* **THE TASK**:
Reproduce each record exactly, but exclude every picture.
____
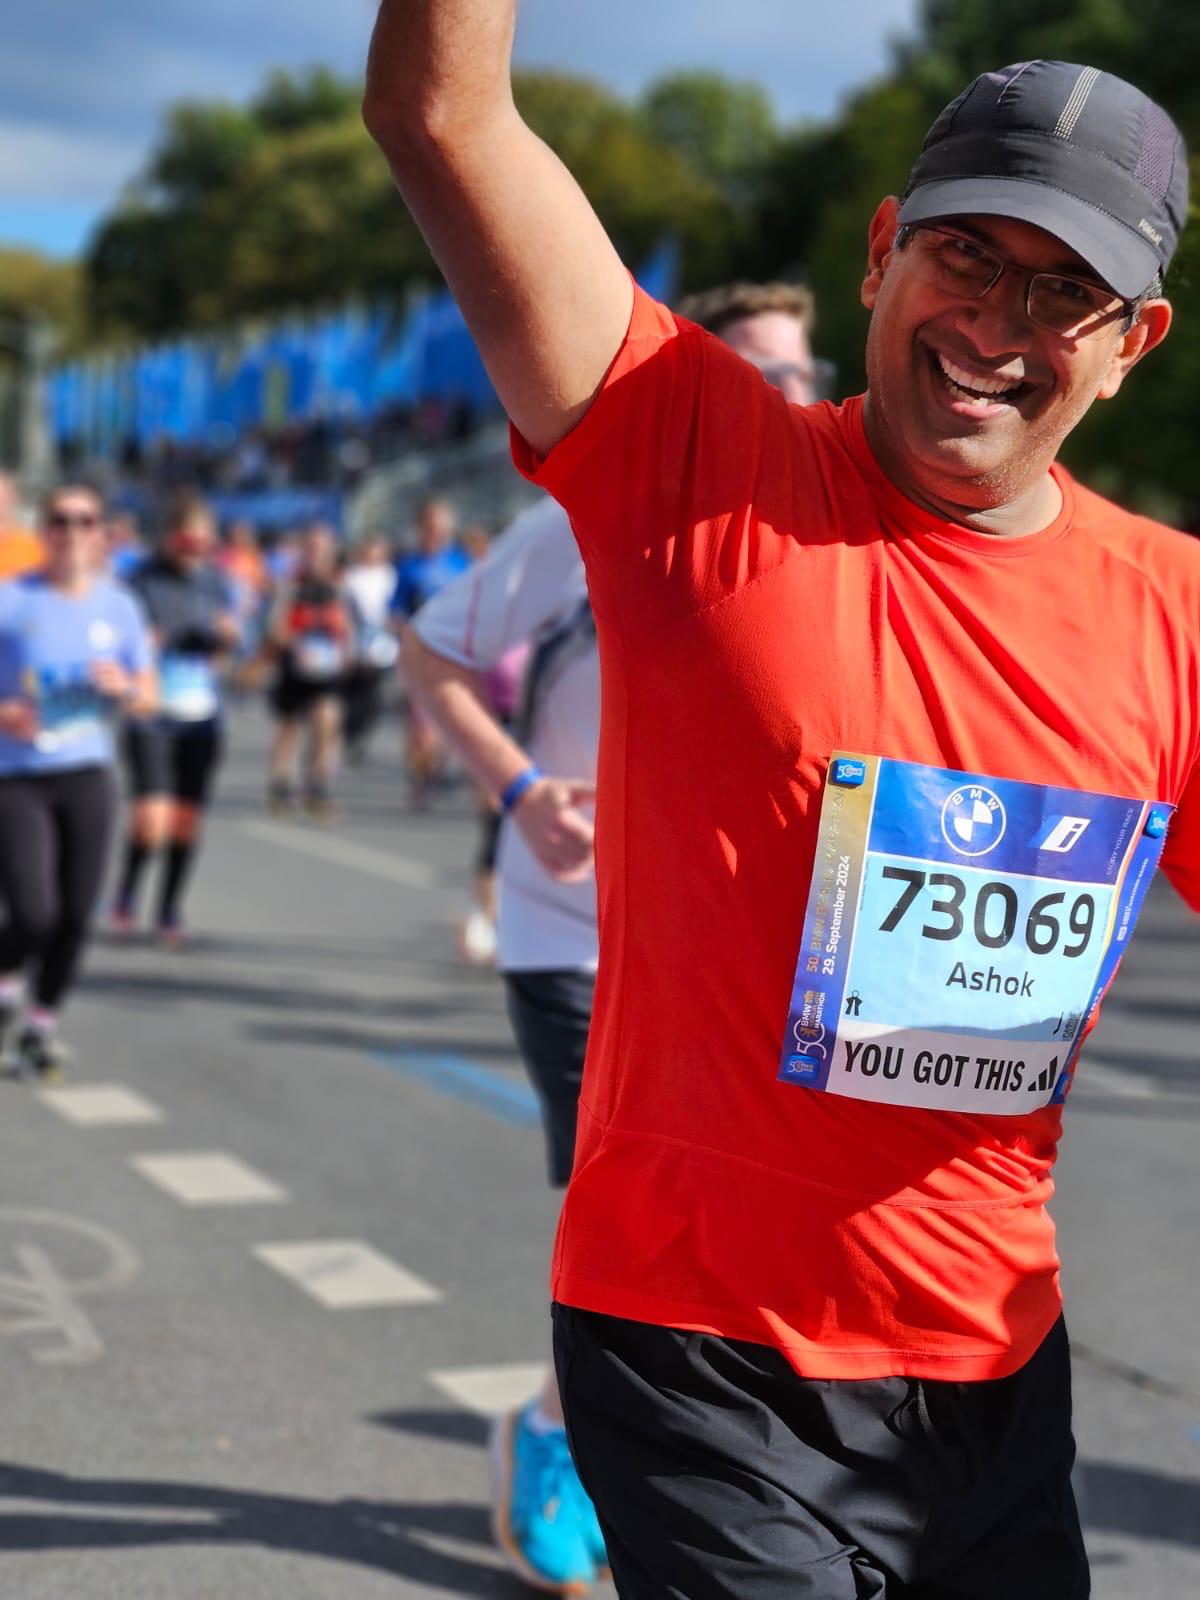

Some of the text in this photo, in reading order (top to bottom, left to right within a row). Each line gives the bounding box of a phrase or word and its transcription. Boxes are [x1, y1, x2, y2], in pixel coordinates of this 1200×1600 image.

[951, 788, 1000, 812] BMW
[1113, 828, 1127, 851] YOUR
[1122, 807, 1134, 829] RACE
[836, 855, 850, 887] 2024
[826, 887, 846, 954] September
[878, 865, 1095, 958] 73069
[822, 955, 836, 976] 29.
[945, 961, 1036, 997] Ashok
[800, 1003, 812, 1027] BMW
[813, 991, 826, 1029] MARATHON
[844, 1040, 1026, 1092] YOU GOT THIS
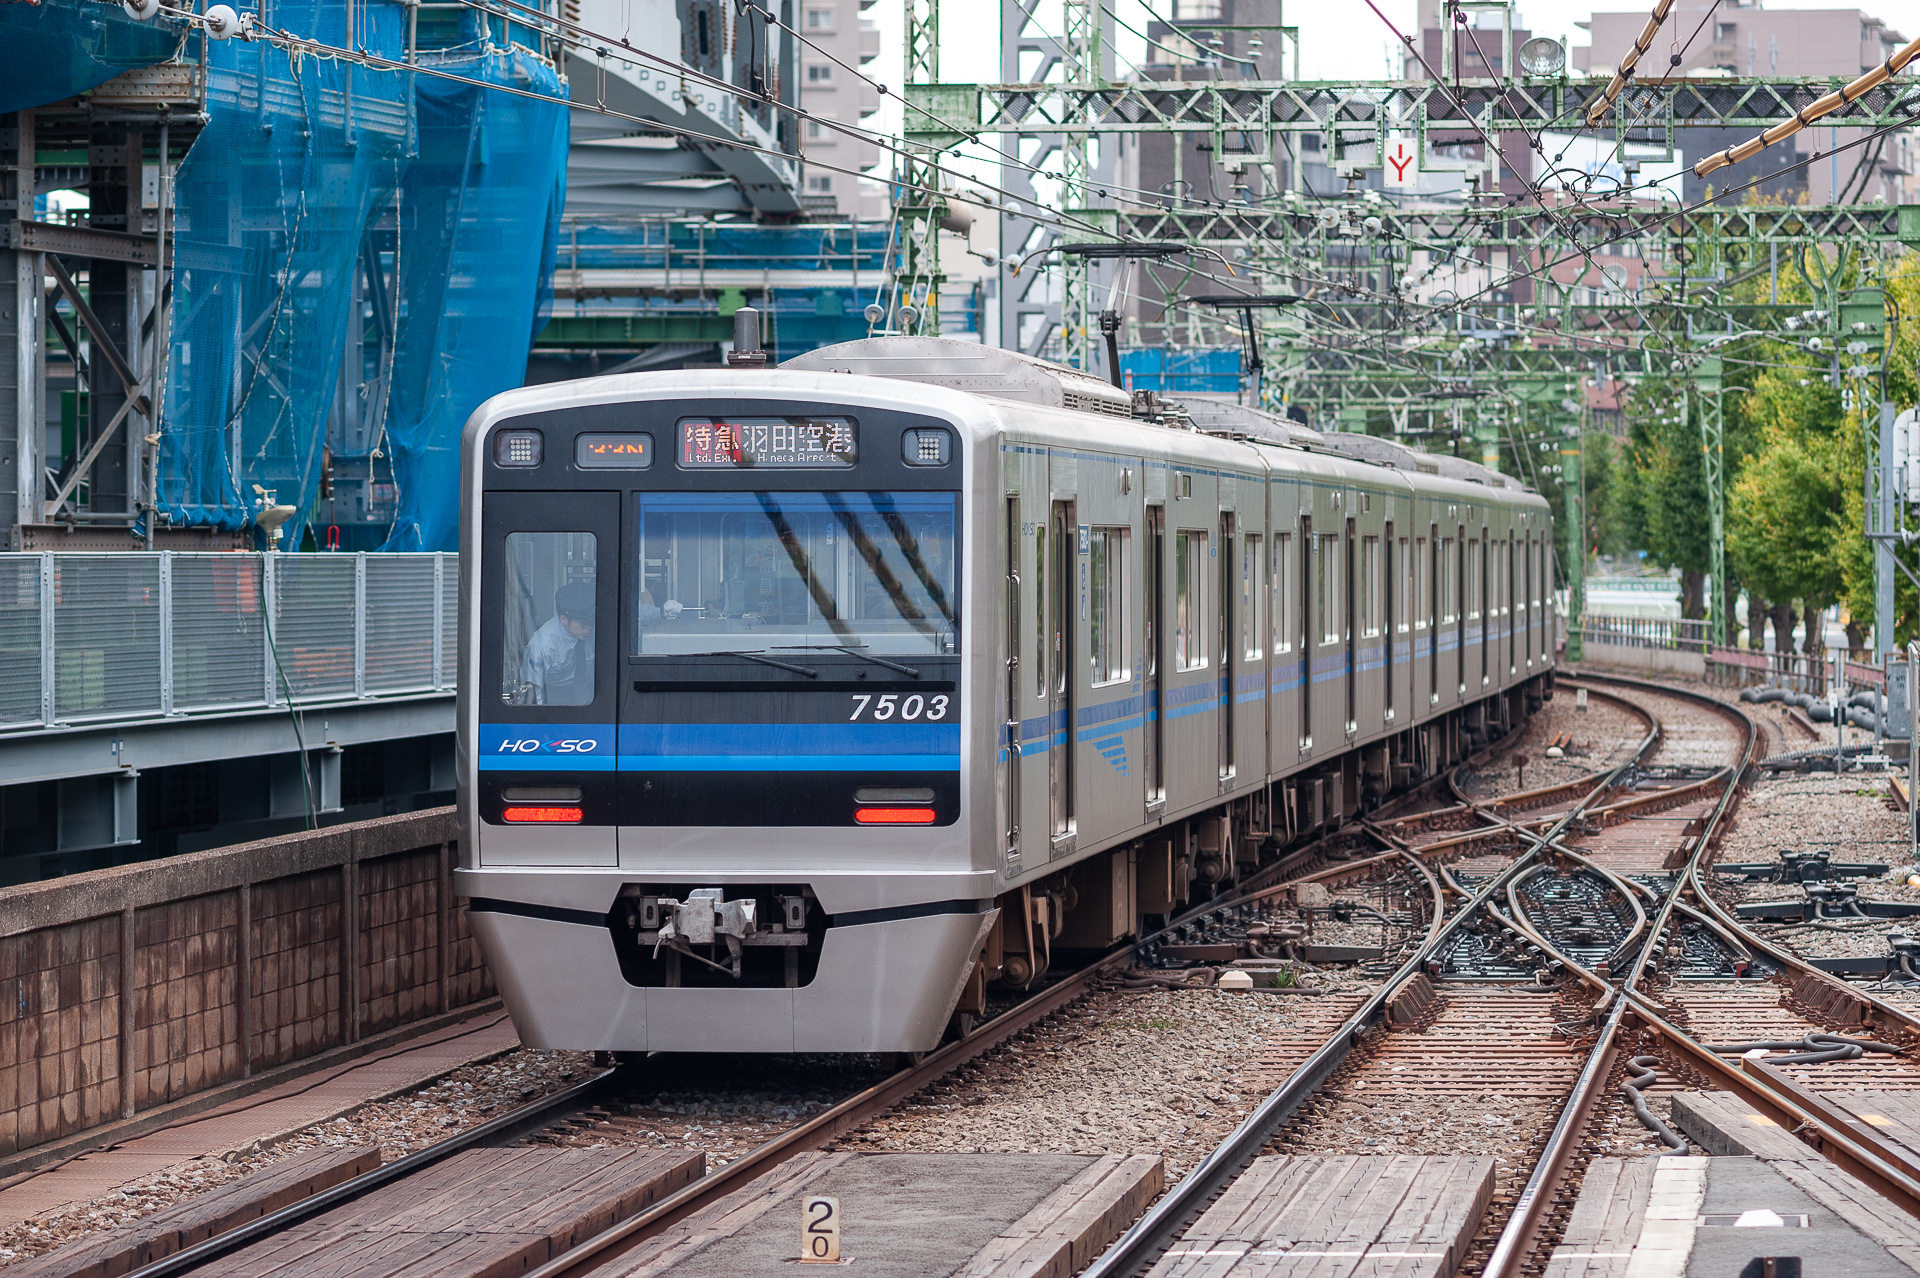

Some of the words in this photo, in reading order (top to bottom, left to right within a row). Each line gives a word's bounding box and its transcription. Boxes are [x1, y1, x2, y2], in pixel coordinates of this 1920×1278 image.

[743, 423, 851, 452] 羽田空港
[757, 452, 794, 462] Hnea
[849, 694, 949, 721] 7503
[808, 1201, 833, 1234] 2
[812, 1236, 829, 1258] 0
____
* **RESPONSE**:
Some of the text in this photo, in reading order (top to bottom, left to right within a row). Each line gives the bounding box of a phrase or word and its transcription. Boxes are [x1, y1, x2, y2], in pixel coordinates of this 1200×1600 image.

[951, 788, 1000, 812] BMW
[1113, 828, 1127, 851] YOUR
[1122, 807, 1134, 829] RACE
[836, 855, 850, 887] 2024
[826, 887, 846, 954] September
[878, 865, 1095, 958] 73069
[822, 955, 836, 976] 29.
[945, 961, 1036, 997] Ashok
[800, 1003, 812, 1027] BMW
[813, 991, 826, 1029] MARATHON
[844, 1040, 1026, 1092] YOU GOT THIS

Some of the words in this photo, in reading order (top to bottom, left to right within a row). Each line gives a word's bounding box and its transcription. Boxes are [x1, y1, x2, y2], in pixel coordinates of this 1920×1278 image.

[743, 423, 851, 452] 羽田空港
[757, 452, 794, 462] Hnea
[849, 694, 949, 721] 7503
[808, 1201, 833, 1234] 2
[812, 1236, 829, 1258] 0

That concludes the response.